Brain grey matter volume reduction and anxiety-like behavior in lipopolysaccharide-induced chronic pulmonary inflammation rats: A structural MRI study with histological validation.

While there have been multiple fMRI studies into the brain functional changes after acutely stimulated peripheral infection, knowledge for the effect of chronic peripheral infection on whole brain morphology is still quite limited. The present study was designed to investigate the brain structural and emotional changes after peripheral local infection initiated chronic systemic inflammation and the relationship between circulating inflammatory markers and brain grey matter. Specifically, in-vivo T2-weighted MRI was performed on rats with lipopolysaccharide (LPS)-induced chronic pulmonary inflammation (CPI) and those without. Grey matter volume was quantified using diffeomorphic anatomical registration through exponentiated lie (DARTEL) enhanced voxel-based morphometry followed by between-group comparison. Open field experiment was conducted to test the potential anxiety-like behaviors after CPI, along with the ELISA estimated inflammatory markers were correlated to grey matter volume. Guided by image findings, we undertook a focused histological investigation with immunefluorescence and Nissl staining. A widespread decrease of grey matter volume in CPI-model rats was revealed. 8 of the 12 measured inflammatory markers presented differential neuroanatomical correlation patterns with three of the pro-inflammatory cytokines (IL-1β, IL-6 and TNF-α) and CRP being the most notable.

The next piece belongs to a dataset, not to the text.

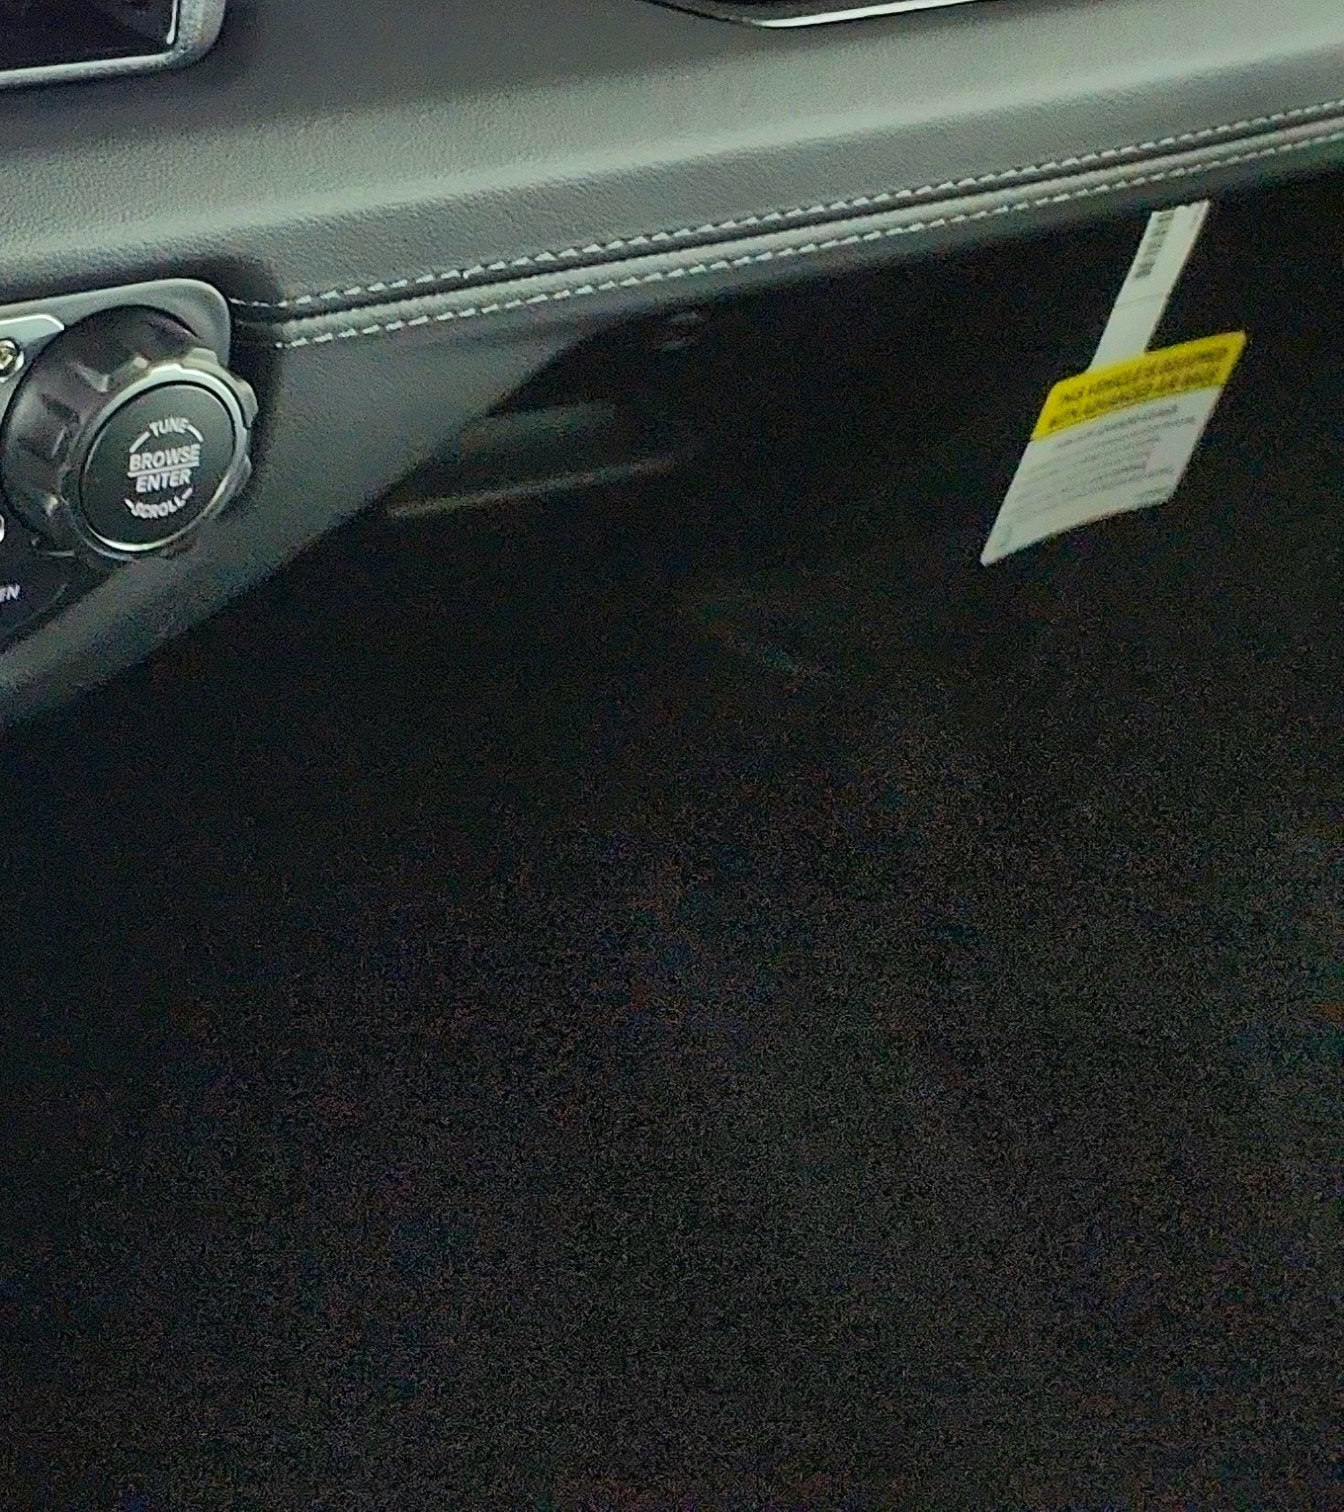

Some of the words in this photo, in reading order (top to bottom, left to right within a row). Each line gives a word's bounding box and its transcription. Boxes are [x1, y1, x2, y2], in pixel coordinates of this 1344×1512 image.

Lower grey matter volumes in some of the inflammatory markers related regions (amygdala, CA2 and cingulate cortex) were associated with more-severe anxiety-like behaviors. Furthermore, grey matter volumes in amygdala and CA3 were correlated negatively with the expressions of glial proteins (S100β and Nogo-A), while the grey matter volume in hypo-thalamus was changing positively with neural cell area. Overall, the neuroanatomical association patterns and the histopathology underpinning the MRI observations we demonstrated here would probably serve as one explanation for the cerebral and emotional deficits presented in the patients with CPI, which would furthermore yield new insights into the adverse effects the many other systemic inflammation and inflammatory autoimmune diseases would pose on brain morphology.